• _INSTRUCTIONS FOR THE TASK_: Reproduce every record exactly as it appears, but not the pictures.

• _GIVEN INFORMATION_:

==============================

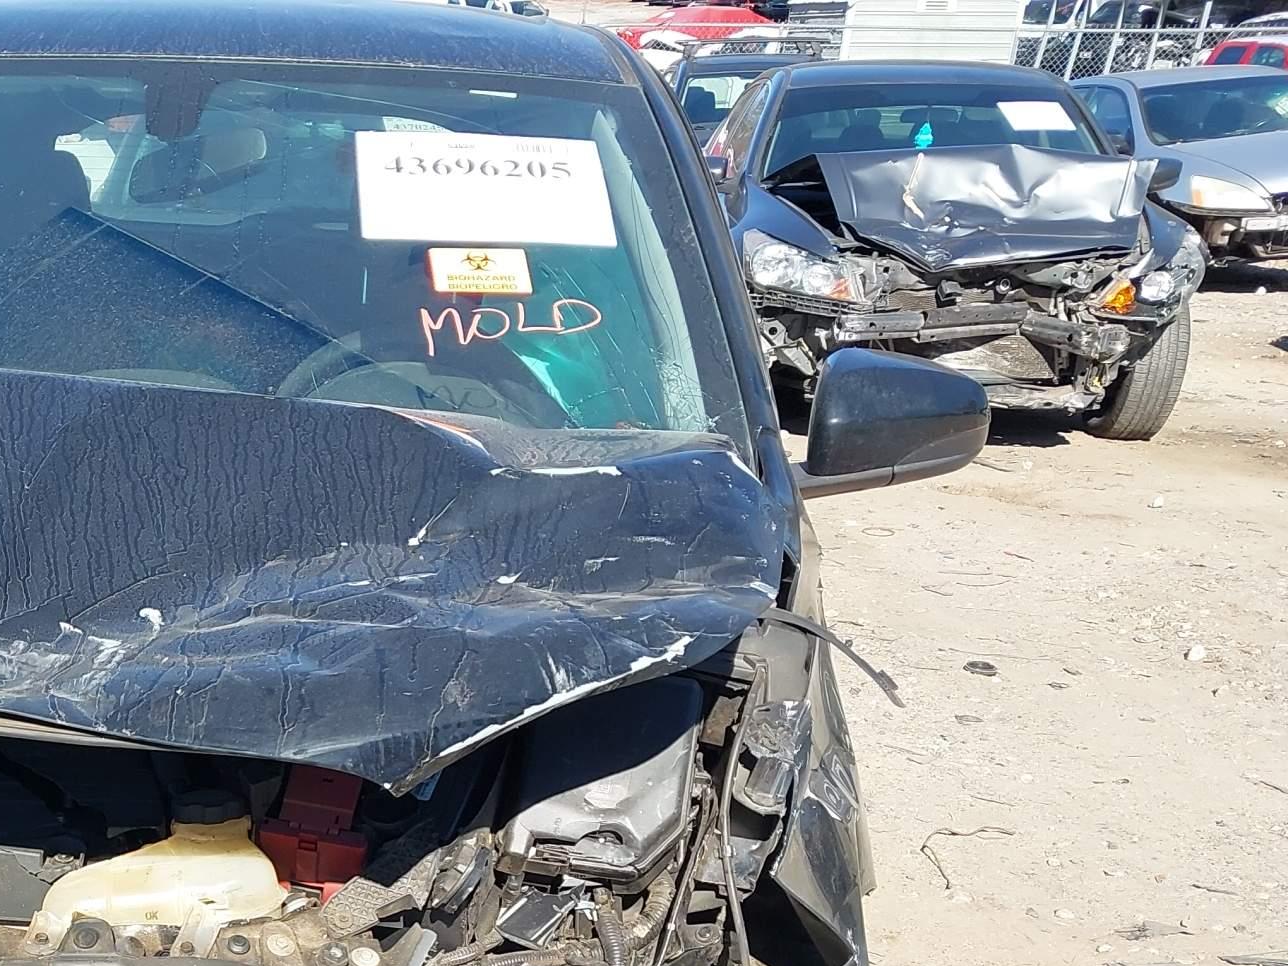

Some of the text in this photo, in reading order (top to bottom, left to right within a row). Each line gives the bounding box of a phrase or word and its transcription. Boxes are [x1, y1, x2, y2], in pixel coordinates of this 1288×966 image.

[384, 155, 572, 180] 43696205
[446, 274, 517, 282] BIOHAZARD
[447, 283, 519, 291] BIOPELIGRO
[418, 298, 603, 358] MOLD

==============================

• _SOLUTION_:
Some of the text in this photo, in reading order (top to bottom, left to right within a row). Each line gives the bounding box of a phrase or word and its transcription. Boxes are [x1, y1, x2, y2], in pixel coordinates of this 1288×966 image.

[384, 155, 572, 180] 43696205
[446, 274, 517, 282] BIOHAZARD
[447, 283, 519, 291] BIOPELIGRO
[418, 298, 603, 358] MOLD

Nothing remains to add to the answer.